Cash Used for Investing Activities
Gross capital spending during the nine months ended September 30, 2009 was as follows (in millions):
         
Maintenance Capital Expenditures(1):
       
Owned, Leased and Consolidated Joint Venture Hotels
  $ 72  
Corporate and information technology
    17  
 
     
Subtotal
    89  
 
     
 
       
Vacation Ownership and Residential Capital Expenditures (2):
       
Net capital expenditures for inventory (excluding St. Regis Bal Harbour)
    18  
Net expenditures for inventory — St. Regis Bal Harbour
    85  
 
     
Subtotal
    103  
 
       
Development Capital
    79  
 
     
 
       
Total Capital Expenditures
  $ 271  
 
     
 
(1)   Maintenance capital expenditures include improvements, repairs, and maintenance.
 
(2)   Represents gross inventory capital expenditures of $157 less cost of sales of $54.
     Gross capital spending during the nine months ended September 30, 2009 included approximately $89 million of maintenance capital, and $79 million of development capital. Investment spending on gross vacation ownership interest (“VOI”) and residential inventory was $157 million, primarily in Bal Harbour, Florida, Rancho Mirage, California, Orlando, Florida and Cancun, Mexico.
     As a result of the global economic climate, we have scaled back our capital expenditures in 2009. Our capital expenditure program includes both offensive and defensive capital. Defensive spending is related to repairs, maintenance, and renovations that we believe is necessary to stay competitive in the markets we are in. Other than capital to address fire and life safety issues, we consider defensive capital to be discretionary, although reductions to this capital program could result in decreases to our cash flow from operations, as hotels in certain markets could become less desirable. The offensive capital expenditures, which are primarily related to new projects that we expect will generate a return, are also considered discretionary. We currently anticipate that our defensive capital expenditures for the full year 2009 (excluding vacation ownership and residential inventory) will be approximately $150 million for maintenance, renovations, and technology capital. In addition, for the full year 2009, we currently expect to spend approximately $175 million for investment projects, including construction of the St. Regis Bal Harbour and various joint ventures and other investments.

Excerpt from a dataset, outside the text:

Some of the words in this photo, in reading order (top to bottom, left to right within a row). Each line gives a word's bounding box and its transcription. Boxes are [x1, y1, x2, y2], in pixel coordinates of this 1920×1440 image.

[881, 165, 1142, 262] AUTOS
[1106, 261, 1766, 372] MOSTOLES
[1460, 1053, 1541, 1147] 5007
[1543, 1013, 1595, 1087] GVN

     In order to secure management or franchise agreements, we have made loans to third-party owners, made non-controlling investments in joint ventures and provided certain guarantees and indemnifications. See Note 21 of the consolidated financial statements for discussion regarding the amount of loans we have outstanding with owners, unfunded loan commitments, equity and other potential contributions, surety bonds outstanding, performance guarantees and indemnifications we are obligated under, and investments in hotels and joint ventures. We intend to

39


 

finance the acquisition of additional hotel properties (including equity investments), construction of the St. Regis Bal Harbour, hotel renovations, VOI and residential construction, capital improvements, technology spend and other core and ancillary business acquisitions and investments and provide for general corporate purposes (including dividend payments and share repurchases) through our credit facilities described below, through the net proceeds from dispositions, through the assumption of debt, and from cash generated from operations.

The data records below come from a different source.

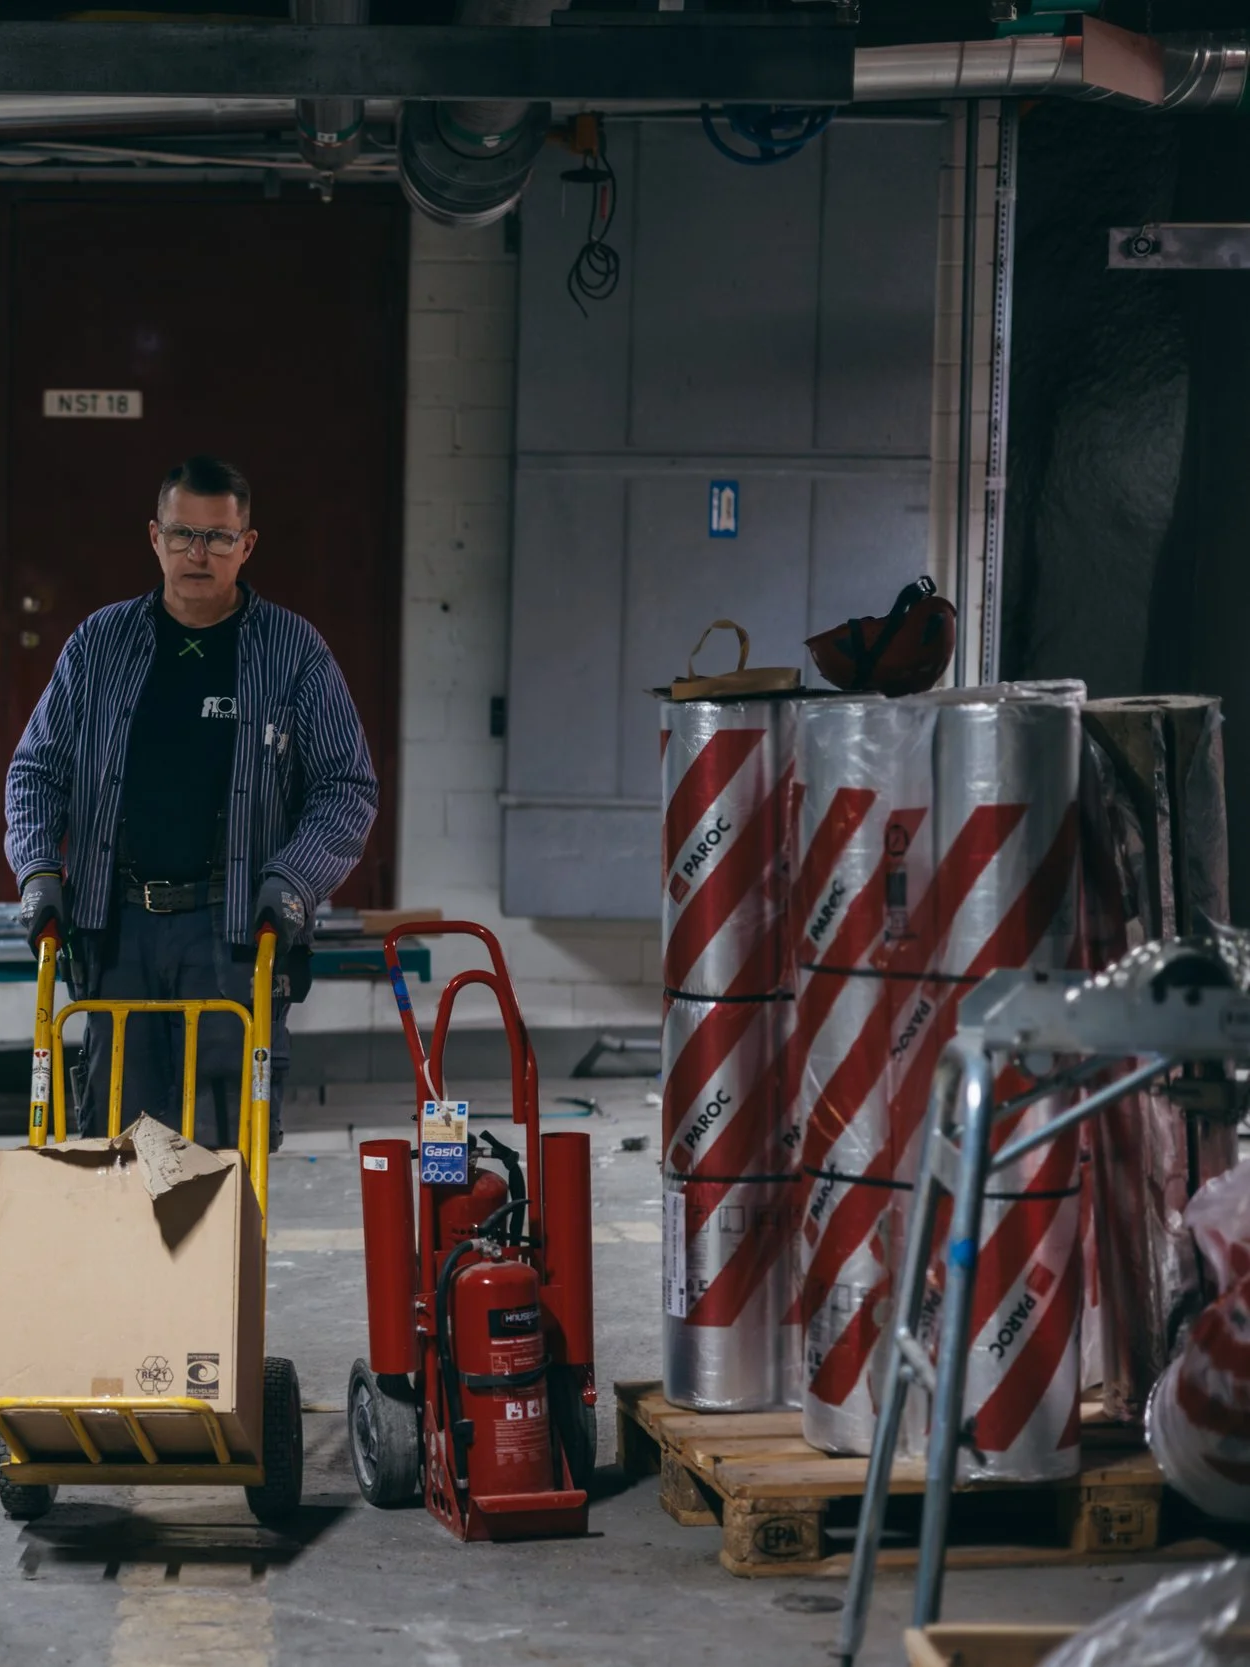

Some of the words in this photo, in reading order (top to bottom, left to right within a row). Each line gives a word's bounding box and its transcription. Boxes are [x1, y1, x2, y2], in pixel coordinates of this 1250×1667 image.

[58, 394, 98, 413] NST
[106, 394, 129, 413] 18
[683, 814, 732, 878] PAROC
[684, 1088, 733, 1150] PAROC
[988, 1293, 1038, 1361] PAROC
[141, 1369, 168, 1381] REZY

     We periodically review our business to identify properties or other assets that we believe either are non-core (including hotels where the return on invested capital is not adequate), no longer complement our business, are in markets which may not benefit us as much as other markets during an economic recovery or could be sold at significant premiums. We are focused on enhancing real estate returns and monetizing investments.
     Since 2006, we have sold 60 hotels realizing proceeds of approximately $5.1 billion in numerous transactions. There can be no assurance, however, that we will be able to complete future dispositions on commercially reasonable terms or at all.
     The sale of two wholly-owned hotels in the third quarter of 2009 resulted in cash from investing activities but is discussed in our general liquidity discussion under cash from financing activities.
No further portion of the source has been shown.